In marriage the husband has used his "marital right"[3] of intercourse when he wished it. Both law and custom have strengthened the view that he has the right to approach his wife whenever he wishes, and that she has no wishes and no fundamental needs in the matter at all.

That woman has a rhythmic sex-tide which, if its indications were obeyed, would ensure not only her enjoyment, but would explode the myth of her capriciousness, seems not to be suspected. We have studied the wave-lengths of water, of sound, of light; but when will the sons and daughters of men study the sex-tide in woman and learn the laws of her Periodicity of Recurrence of desire?


Chapter IV.

The Fundamental Pulse

The judgments of men concerning women are very rarely matters of cold scientific observation, but are coloured both by their own sexual emotions and by their own moral attitude toward the sexual impulse.... [Men's] Statements about the sexual impulses of women often tell us less about women than about the persons who make them.—H. Ellis.

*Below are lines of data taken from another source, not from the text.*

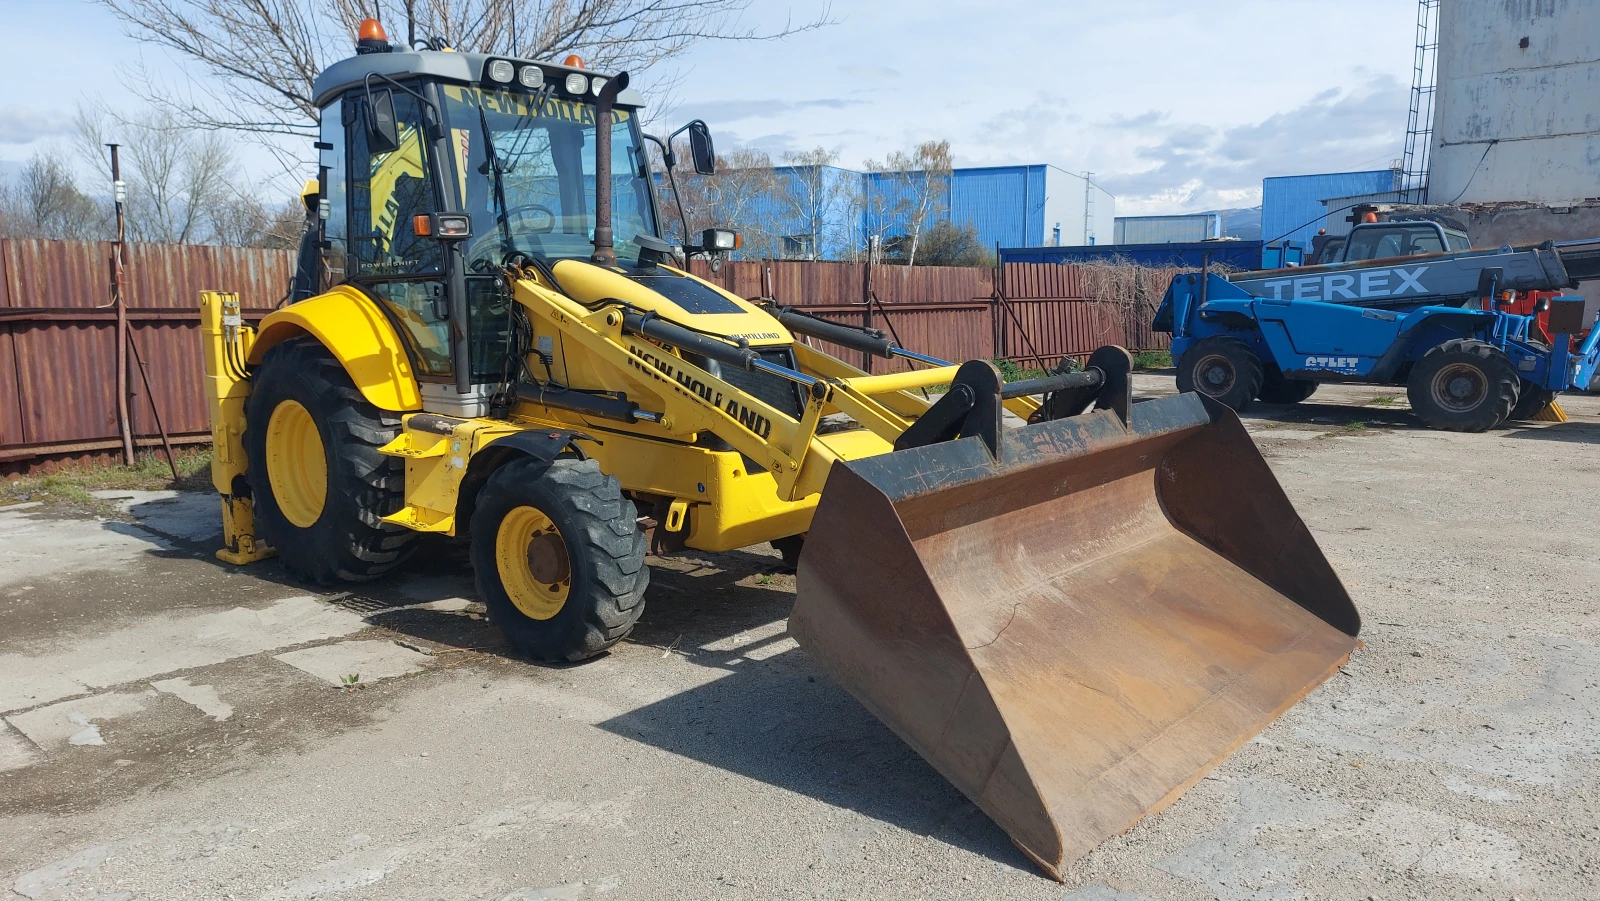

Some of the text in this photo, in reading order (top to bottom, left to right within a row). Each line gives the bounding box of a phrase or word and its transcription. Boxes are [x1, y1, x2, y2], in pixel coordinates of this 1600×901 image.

[460, 88, 519, 115] NEW
[361, 259, 419, 269] POWERSHIFT
[1264, 266, 1429, 301] TEREX
[627, 345, 673, 384] NEW
[1305, 356, 1358, 368] ATLET
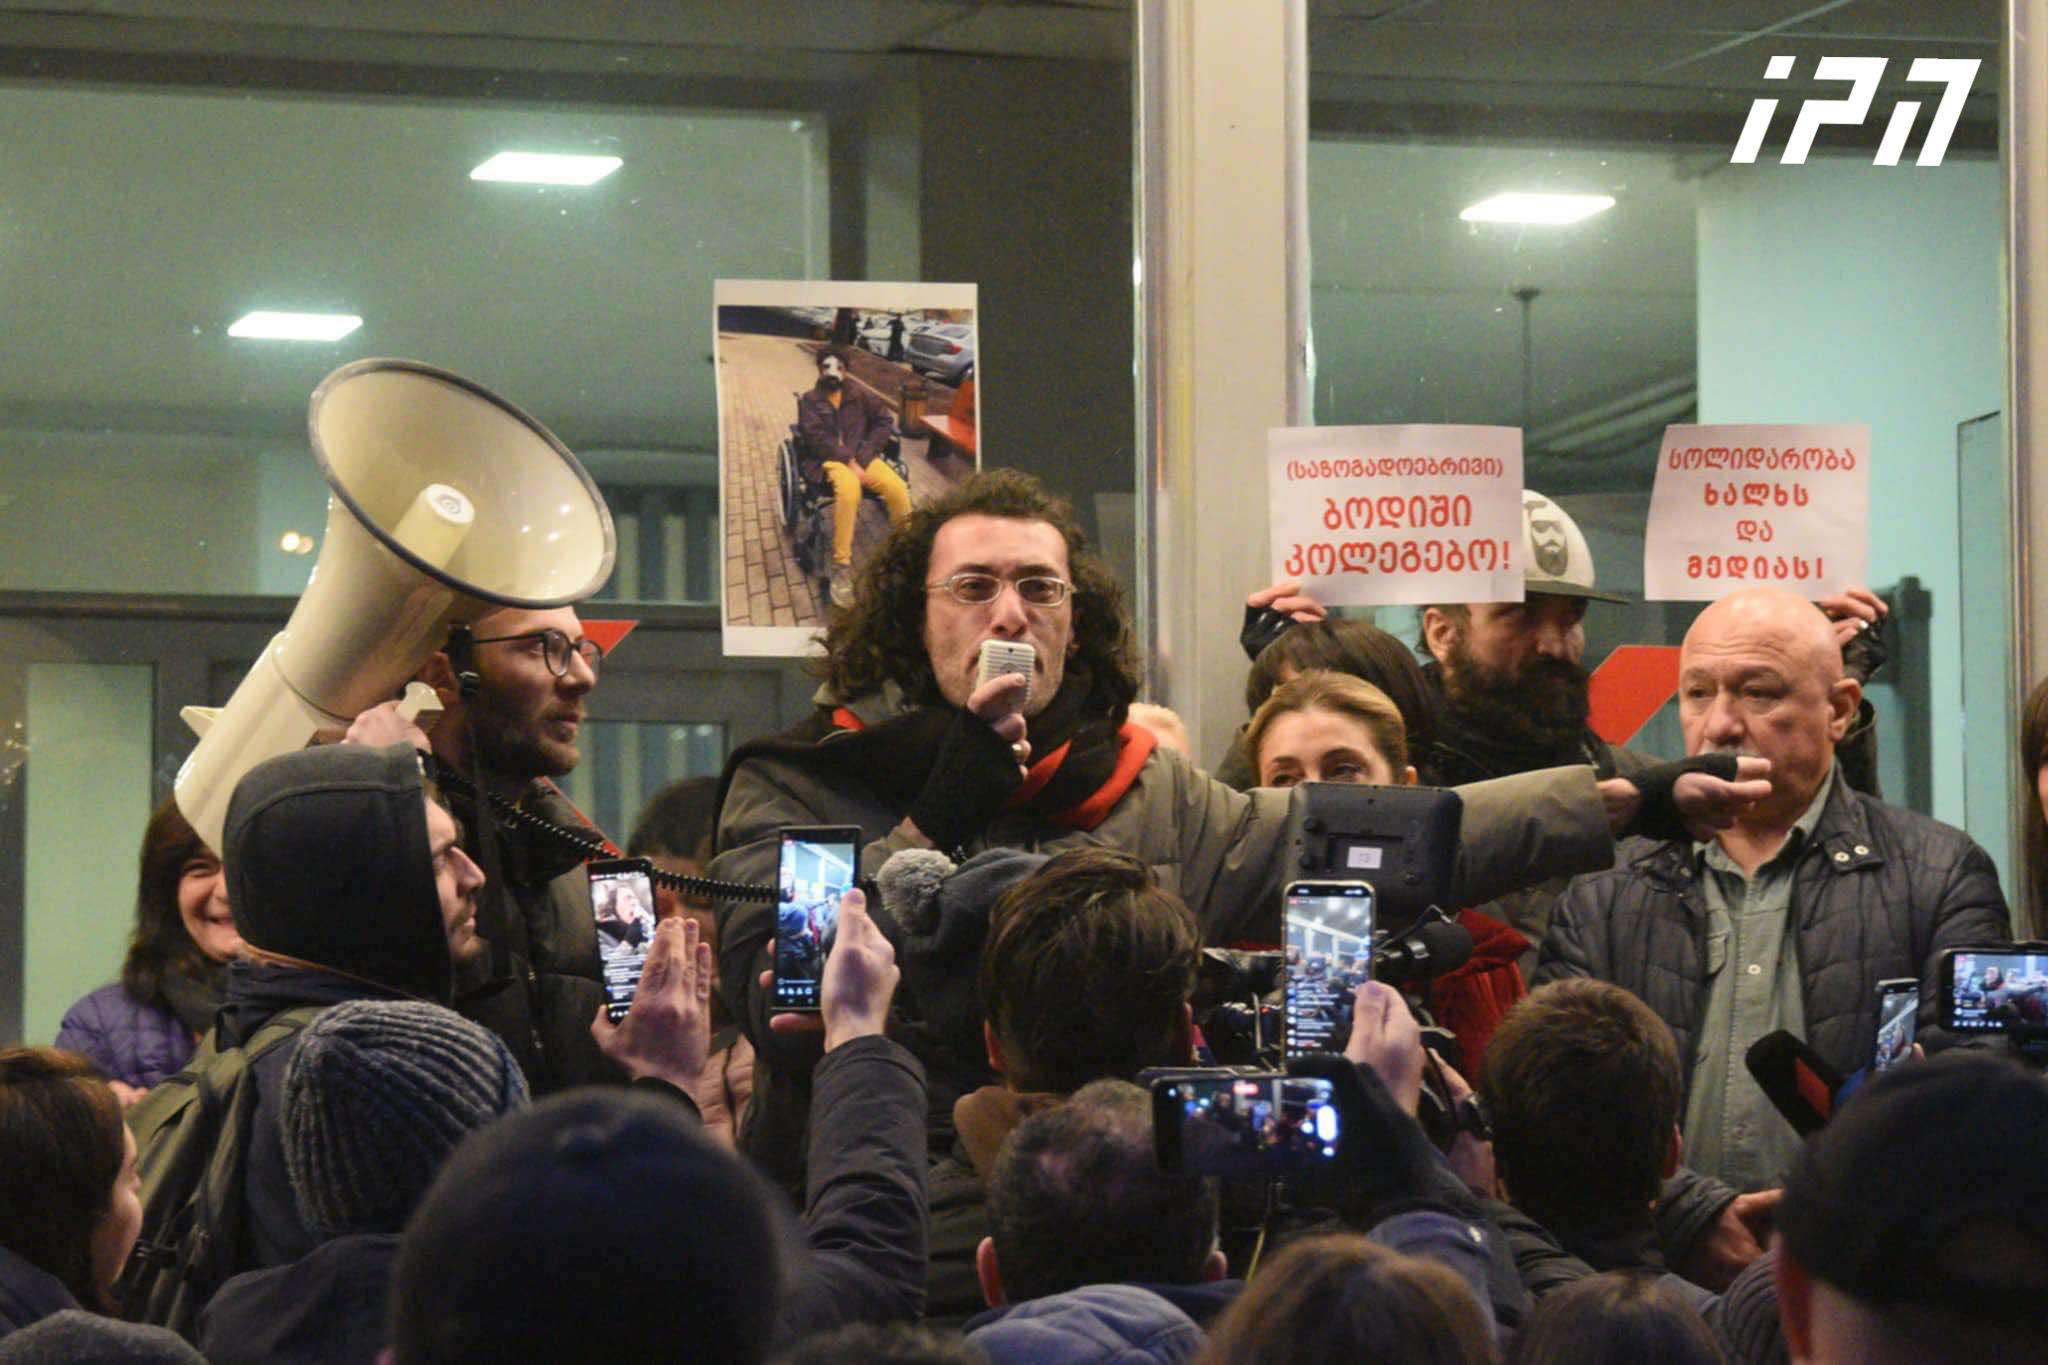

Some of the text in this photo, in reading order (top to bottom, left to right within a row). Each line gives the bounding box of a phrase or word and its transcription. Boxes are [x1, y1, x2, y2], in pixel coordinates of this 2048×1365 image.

[1286, 456, 1505, 480] (საზოგადოებრივი)
[1668, 447, 1857, 473] სოლიდარობა
[1703, 481, 1810, 508] ხალხს
[1322, 495, 1473, 531] ბოდიში
[1734, 519, 1775, 544] და
[1284, 537, 1511, 577] კოლეგებო!
[1686, 553, 1826, 581] მედიას!

By the majority of "nice" people woman is supposed to have no spontaneous sex impulses. By this I do not mean a sentimental "falling in love," but a physical, a physiological state of stimulation which arises spontaneously and quite apart from any particular man. It is in truth the creative impulse, and is an expression of a high power of vitality. So widespread in our country is the view that it is only depraved women who have such feelings (especially before marriage) that most women would rather die than own that they do at times feel a physical yearning indescribable, but as profound as hunger for food. Yet many, many women have shown me the truth of their natures when I have simply and naturally assumed that of course they feel it—being normal women—and have asked them only: When? From their replies I have collected facts which are sufficient to overturn many ready-made theories about women.

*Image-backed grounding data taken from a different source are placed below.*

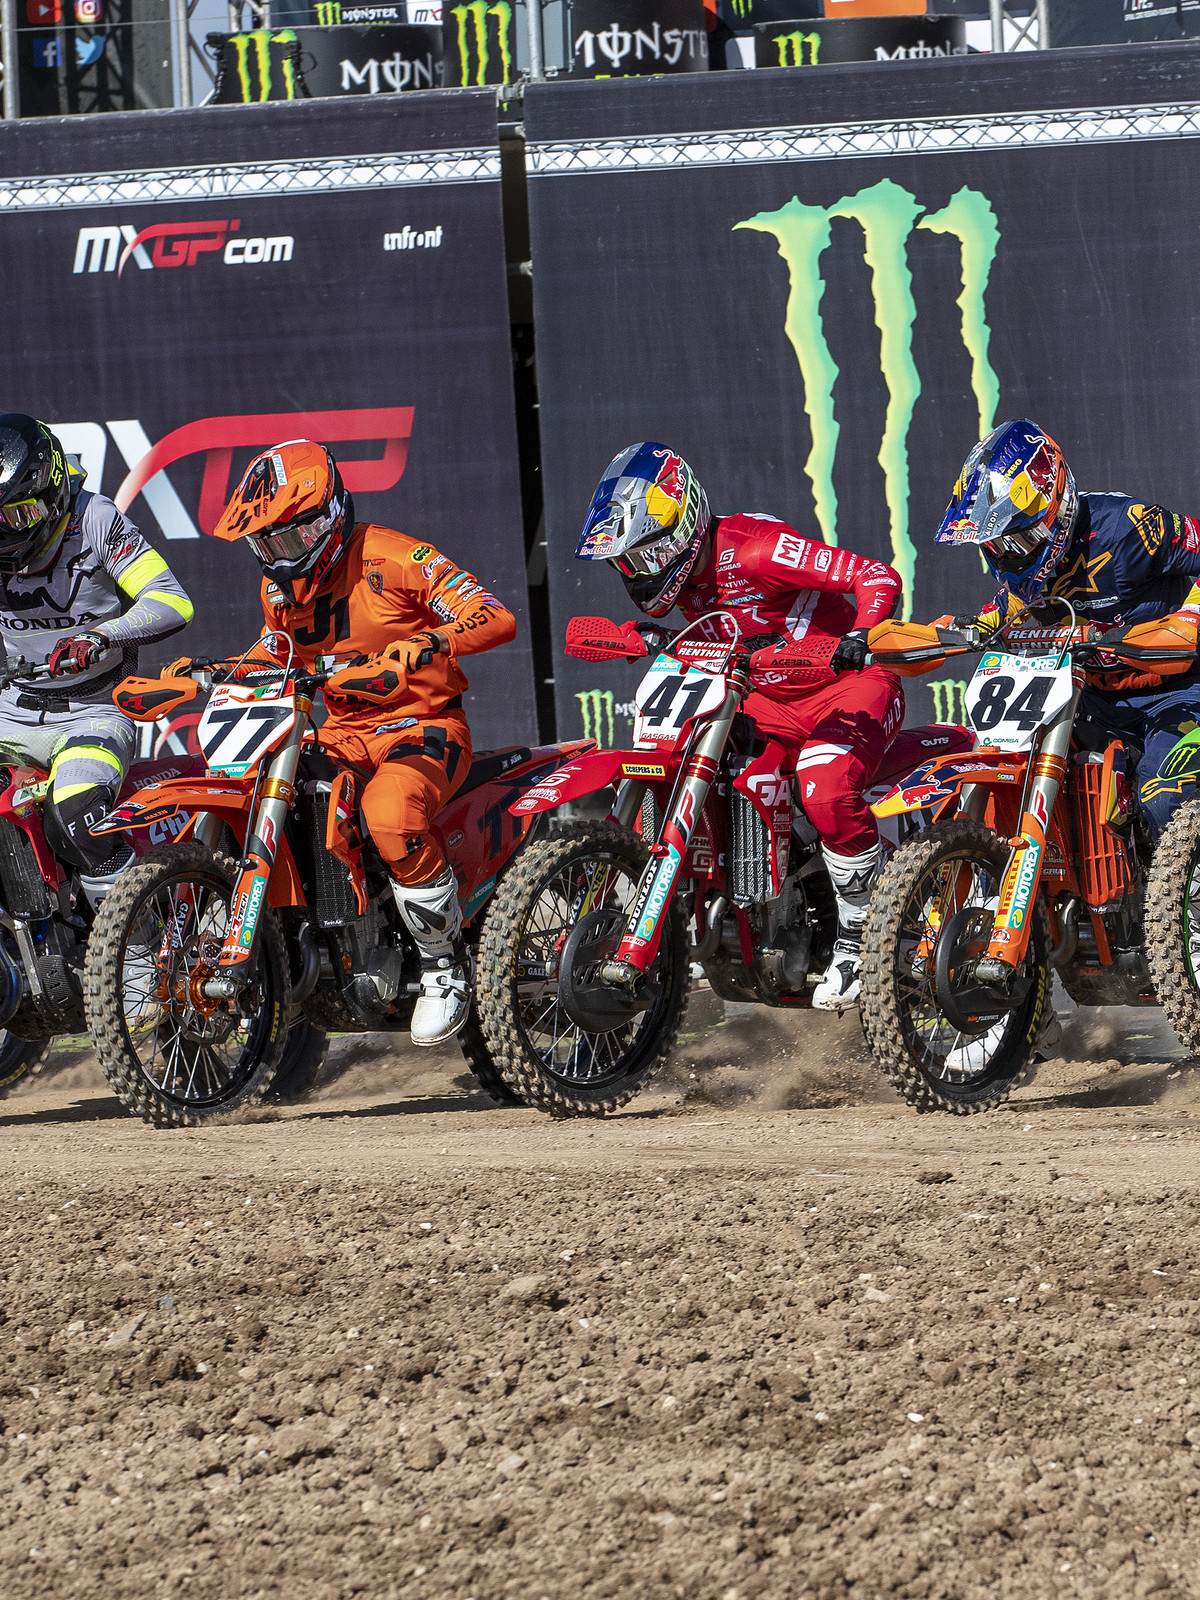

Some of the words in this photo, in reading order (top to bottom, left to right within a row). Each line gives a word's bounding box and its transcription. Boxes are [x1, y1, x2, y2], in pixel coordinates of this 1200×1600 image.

[342, 8, 399, 21] MONSTER
[273, 454, 287, 486] POLIZIA
[985, 511, 999, 536] AIROH
[778, 535, 801, 562] MX
[582, 639, 627, 650] ACERBIS
[1008, 629, 1082, 639] RENTHAL
[770, 658, 813, 667] ACERBIS
[215, 688, 230, 697] KTM
[639, 675, 714, 729] 41
[971, 676, 1056, 732] 84
[203, 705, 294, 762] 77
[641, 733, 677, 741] GASGAS
[920, 737, 950, 747] GUTS
[132, 767, 182, 790] HONDA
[625, 765, 651, 775] SCHEPERS
[647, 855, 679, 918] MOTOREX
[997, 859, 1020, 916] PIRELLI
[1014, 844, 1040, 909] MOTOREX
[244, 879, 265, 929] MOTOREX
[627, 860, 658, 932] DUNLOP
[1027, 965, 1046, 1044] PIRELLI

Some of the ridiculous absurdities which go by the name of science may be illustrated by the statement made by Windscheid in the Centralblatt für Gynäkologie: "In the normal woman, especially of the higher social classes, the sexual instinct is acquired, not inborn; when it is inborn, or awakens by itself, there is abnormality. Since women do not know this instinct before marriage, they do not miss it when they have no occasion in life to learn it." (Ellis transl.)

The negation of this view is expressed in the fable of Hera quoted by Ellen Key. Hera sent Iris to earth to seek out three virtuous and perfectly chaste maidens who were unsoiled by any dreams of love. Iris found them, but could not take them back to Olympus, for they had already been sent for to replace the superannuated Furies in the infernal regions.